Reproduce the entries exactly and omit the pictures.

Exercise inputs
# # # #
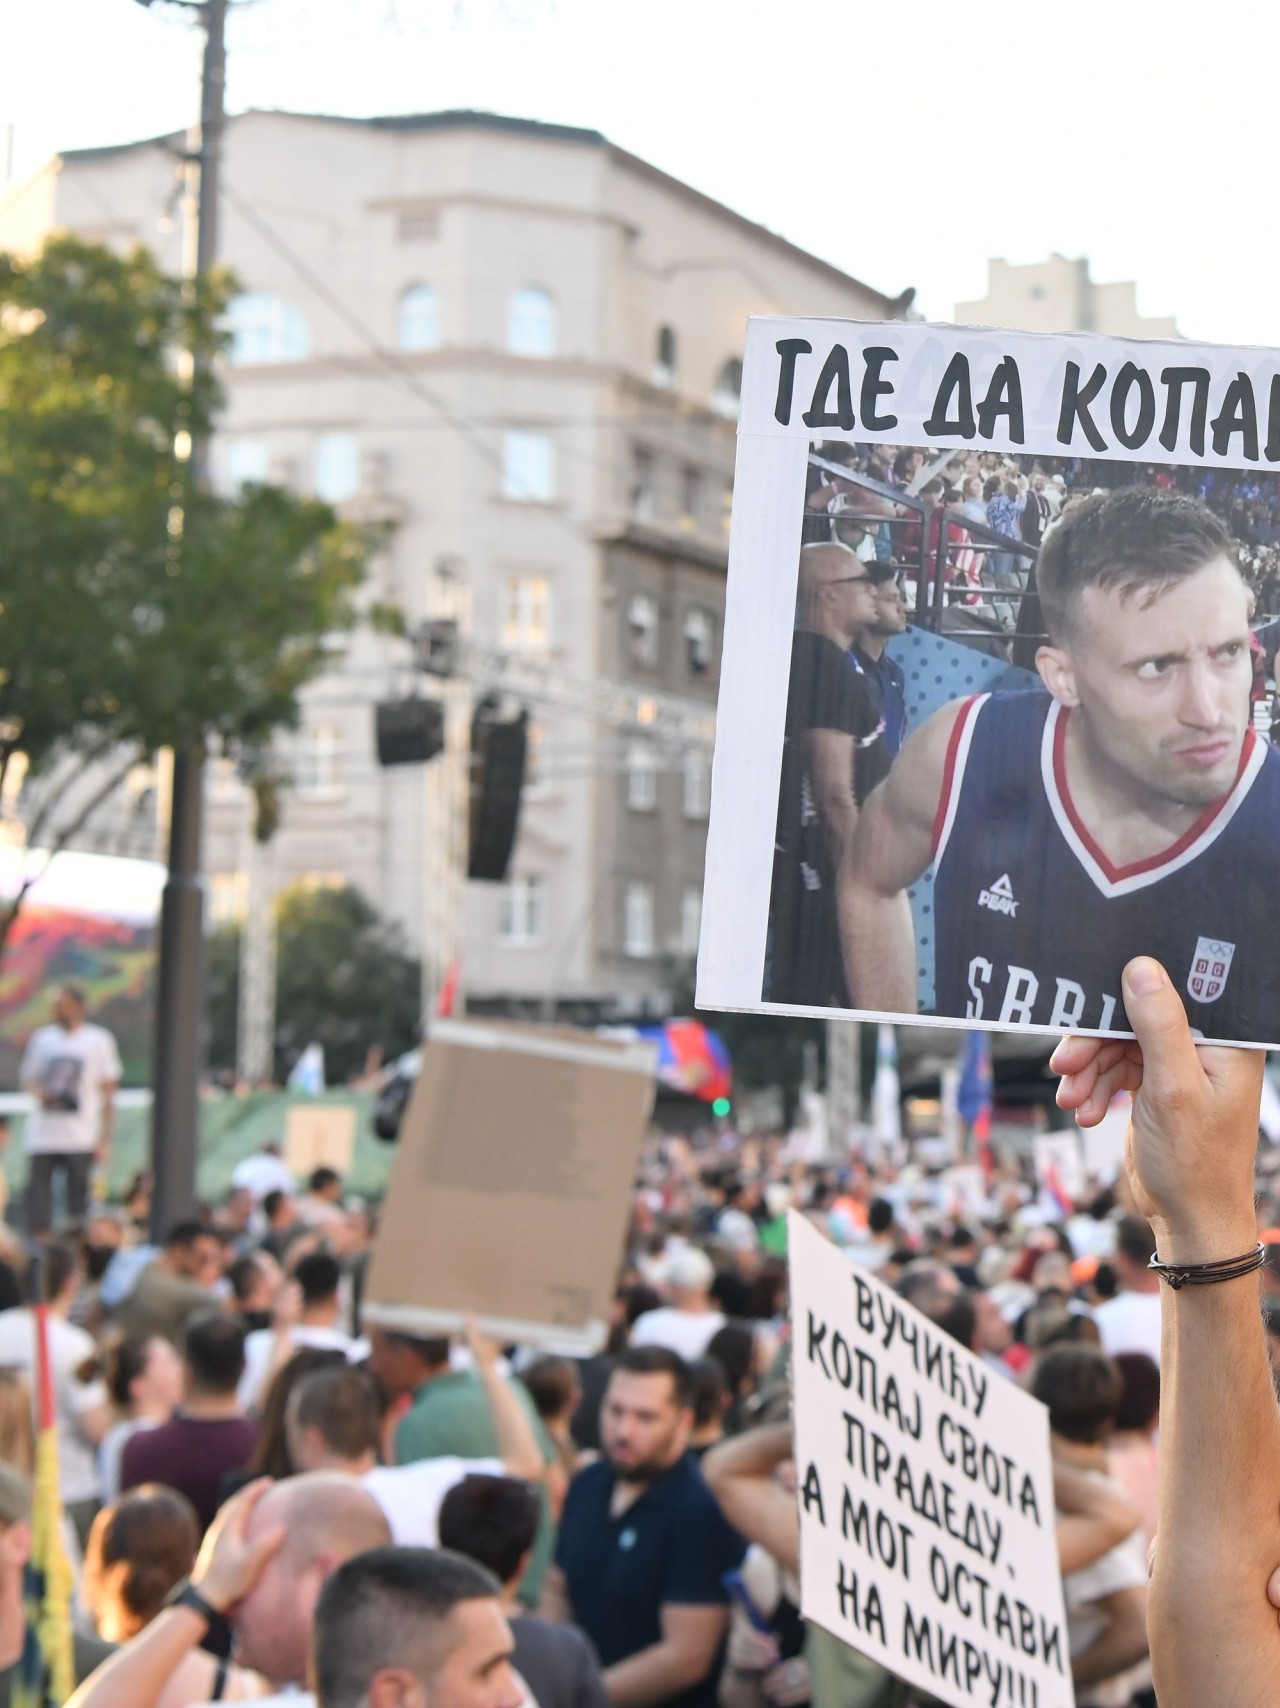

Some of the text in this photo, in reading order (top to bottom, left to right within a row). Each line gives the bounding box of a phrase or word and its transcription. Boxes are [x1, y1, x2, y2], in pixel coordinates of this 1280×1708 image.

[774, 338, 899, 432] ГДЕ
[922, 351, 1025, 445] ДА
[977, 889, 1019, 918] PEAK
[808, 1310, 923, 1442] КОПАЈ
[853, 1274, 988, 1419] ВУЧИЋУ
[800, 1461, 827, 1527] А
[929, 1545, 1064, 1676] ОСТАВИ
[836, 1559, 887, 1647] НА
# # # #
Output for this exercise
Some of the text in this photo, in reading order (top to bottom, left to right within a row). Each line gives the bounding box of a phrase or word and its transcription. Boxes are [x1, y1, x2, y2], in pixel coordinates of this 1280×1708 image.

[774, 338, 899, 432] ГДЕ
[922, 351, 1025, 445] ДА
[977, 889, 1019, 918] PEAK
[808, 1310, 923, 1442] КОПАЈ
[853, 1274, 988, 1419] ВУЧИЋУ
[800, 1461, 827, 1527] А
[929, 1545, 1064, 1676] ОСТАВИ
[836, 1559, 887, 1647] НА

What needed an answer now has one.